É uma relíquia. Coisa que não conhecia. Um vinho branco, alentejano, datado de 1937. Basicamente uma curiosidade. O vinho, em si, é procedente de uma zona alentejana, Alcáçovas, sem grandes tradições, que eu saiba, na feitura de vinho. Só por este facto, merece alguma atenção por parte dos enófilos.

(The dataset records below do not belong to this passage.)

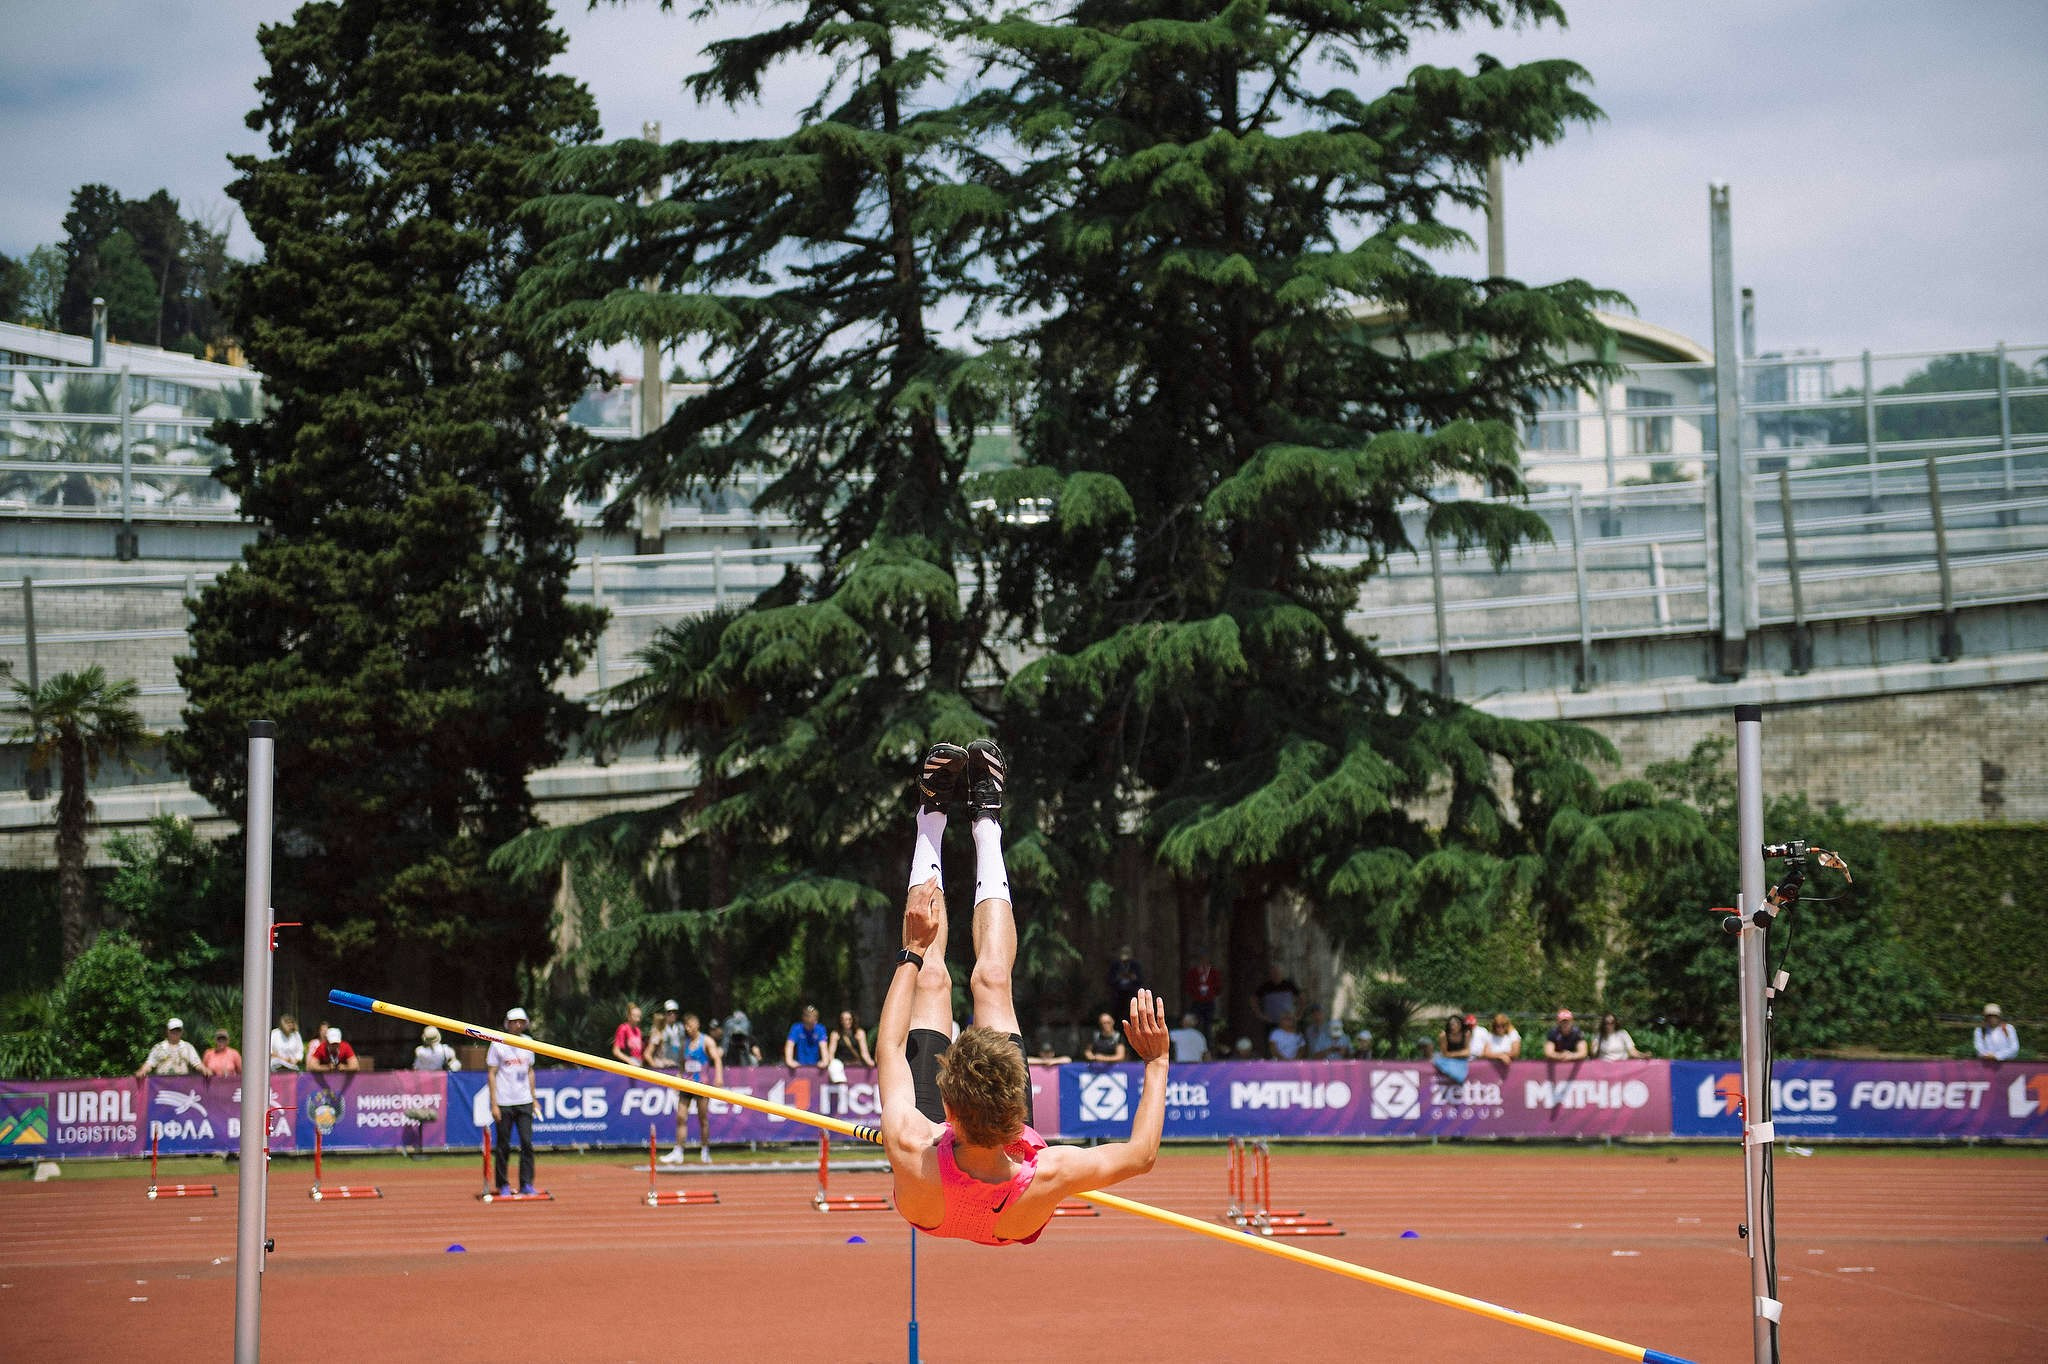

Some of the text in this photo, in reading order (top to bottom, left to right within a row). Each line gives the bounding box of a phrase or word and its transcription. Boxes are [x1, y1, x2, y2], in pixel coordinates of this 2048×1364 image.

[357, 1094, 442, 1110] МИНСПОРТ
[1850, 1081, 1991, 1110] FONBET
[57, 1090, 137, 1124] URAL
[57, 1124, 137, 1144] LOGISTICS
[149, 1118, 214, 1140] ВФЛА
[228, 1117, 291, 1138] ВА

O líquido, esse, mantinha-se na garrafa, não foi provado. Eventualmente, seria uma experiência desoladora, capaz de quebrar, com demasiada facilidade, o simbolismo do objecto, reduzindo-o meramente a algo sem vida, sem cor, sem cheiro e sem interesse. Manteve-se, por isso, fechado, para que o misticismo perdure pelo tempo. Fica a foto.

4 comentários:
Eu tenho uma garrafa dessas mas de 1934. Tenho dúvidas se o nectar está bom para consumir.
Já agora porque será que essa região do alentejo não terá tradições no vinho?
RV
De facto tb tenho dúvidas que esta de 1937 esteja em condições para ser consumida. O líquido continua lá dentro, como referi no post, e não foi consumido. Mas não deixa de ser uma curiosidade.
Sobre a região, que conheço razoavelmente bem (a família da minha mulher é de lá), não tem, efectivamente, muitas tradições no vinho. Razões? Sou franco, não sei.
Mas é curioso, não muito longe, em Vila Nova da Baronia, existe um produtor ja com algumas referências: Herdade das Barras. Conhece?
boa tarde.o que aconcelharia para acompanhar pezinhos de coentrada?espumante tinto?espumante arinto?tinto 100% syrah:/ estou na dúvida entre estas 4 hipóteses.. :/ excelente blog :)sucesso para o futuro!
Boa! Nunca pensei. Talvez o espumante branco, com acidez, seja o mais indicado.